Jugando a las palas

Gong, uno, bang, dos, gong, tres, bang, cuatro, gong, cinco, bang…”¿Quieres jugar con nosotros?”. Hacía rato que un niño muy moreno, de no más de un metro de altura, armado con una pala de madera, nos miraba sin pestañear. No hizo falta que contestara. Su blanca sonrisa, el brillo de sus ojos y su predisposición hablaron por él. Gong, bang, pac, bang, gong, pac, gong, bang, gong, pac…

De reojo, mirábamos nuestra bolsa. No podíamos evitar pensar que tal vez aquel niño sólo buscaba mantenernos entretenidos mientras sus complices nos robaban.

Gong, pac, bang, gong, pac, bang, gong…”¿Puedo jugar con vosotros?”. Otro niño de la misma estatura pero de piel más pálida nos miraba con envidia. “¿Tienes pala?”. En segundo plano, su madre contesta avergonzada: “No, no tiene”. El primer niño echa a correr gritando: “Yo sí tengo. Te la dejo”.

Gong, pac, bang, pac, gong, pac, bang, pac, gong, pac…”¿Cómo te llamas?”, le pregunta el primer niño al segundo. Gong, bang, pac…”Alberto, ¿y tú?”. Bang, gong, pac…”Erik. ¿Y vosotros?” Gong…”Usúe”. Bang…”Y Carlos”. Pac, gong, pac, bang, pac…”¿Me dejas tu raqueta?”. Carlos cede su pala a Erik. Gong, gong, gong, bang, pac…”Qué malo eres Alberto. ¿Por qué no le das?”. Una nueva personita entra en escena.
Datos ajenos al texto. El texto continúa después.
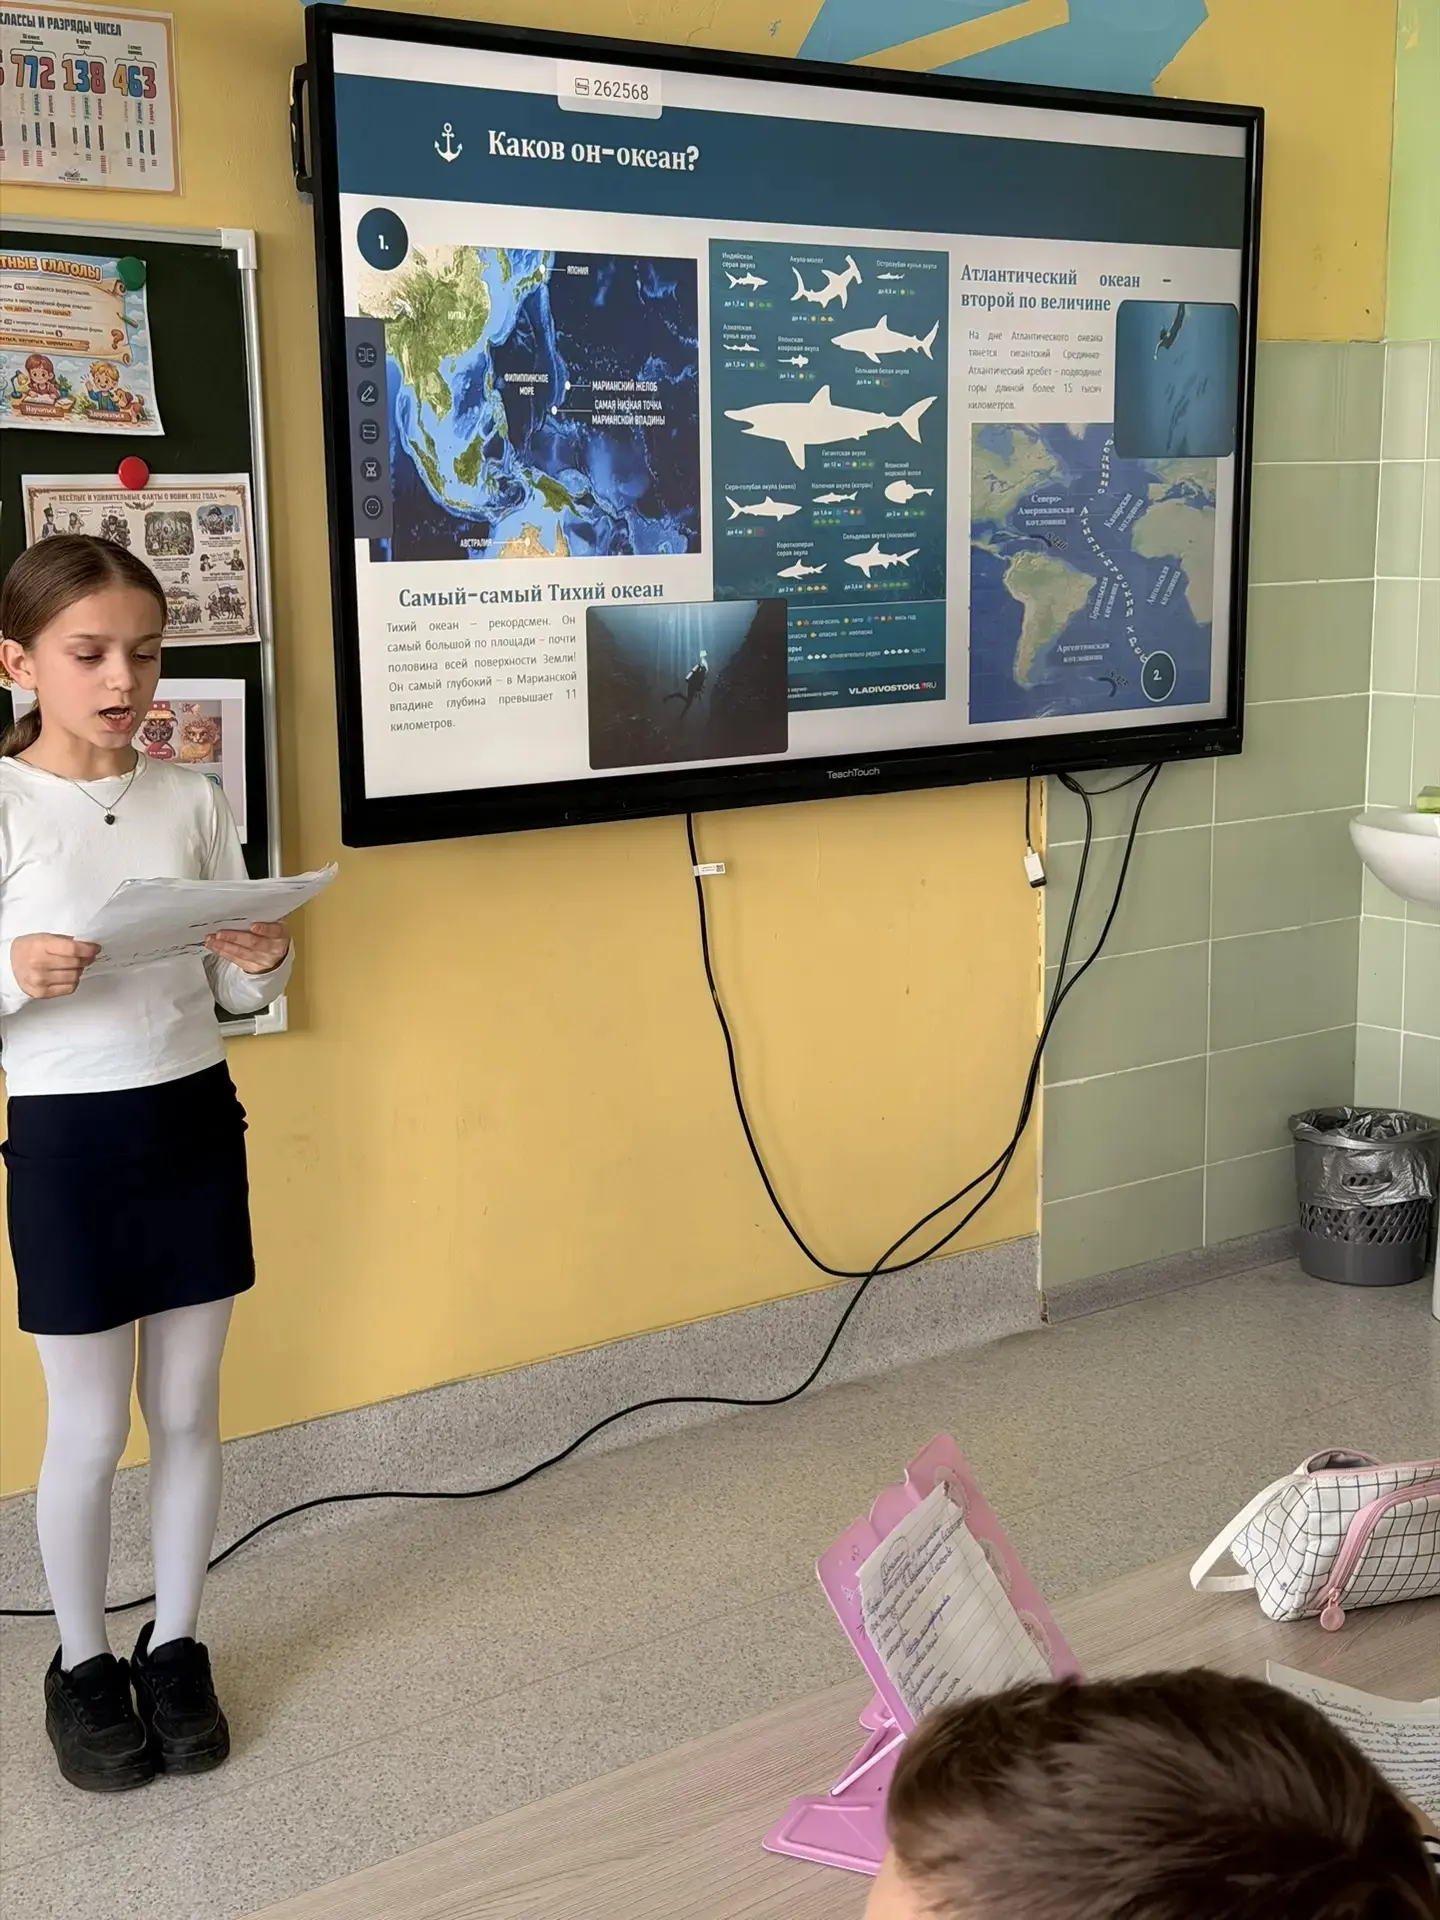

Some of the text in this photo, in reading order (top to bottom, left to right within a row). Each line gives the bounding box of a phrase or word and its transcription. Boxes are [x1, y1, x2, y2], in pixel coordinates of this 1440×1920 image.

Era la hermana de Alberto, una rubia peligrosa, con raya en el medio y una trenza a cada lado. “¿Me la cambias?”, le pregunta Alberto a Erik, que resignado recupera su desgastada pala de madera. Gong, bang, pac, pac, gong, pac, pac, bang…

Empieza a anochecer. “Alberto, venga, nos tenemos que ir”. La familia, con los bártulos recogidos, nos observa jugar. “Cuando se vaya Alberto, ¿puede jugar mi hermano?”, pregunta Erik. “Es que nosotros también nos tenemos que ir”. Erik recoge sus palas, echa a correr y comienza una nueva partida con su hermano en la orilla del mar.

Las palas de Conento

Las palas de Conento

Antes del verano, Macarena Estévez, fundadora de Conento, nos regaló unas palas naranjas, el color corporativo de la empresa. Tenían una peculiaridad: la zona con la que se golpeaba a la pelota era una membrana de plástico que vibraba al dar a la bola. Una debía estar más tensa que la otra porque sonaban de modo diferente, lo que llamaba la atención de los que pasaban a nuestro lado.

4 respuestas a Jugando a las palas

  1. Carlos dice:

    Pues si que nos divertimos si… y vaya paliza que nos metimos… lo mismo Alberto el día de mañana es tenis y Erik músico… ;-P

  2. masquemedios dice:

    Muy bueno.

    Parece que se escucha la partida.

    Ya te echábamos de menos.

  3. Zumaquero dice:

    Ala, yo quiero jugar, pero no tengo pala… ¿me la dejas?

  4. zac dice:

    mira que es horrible el logotipo..pufff….el antimarketing! cuánto tiempo que no te leíamos!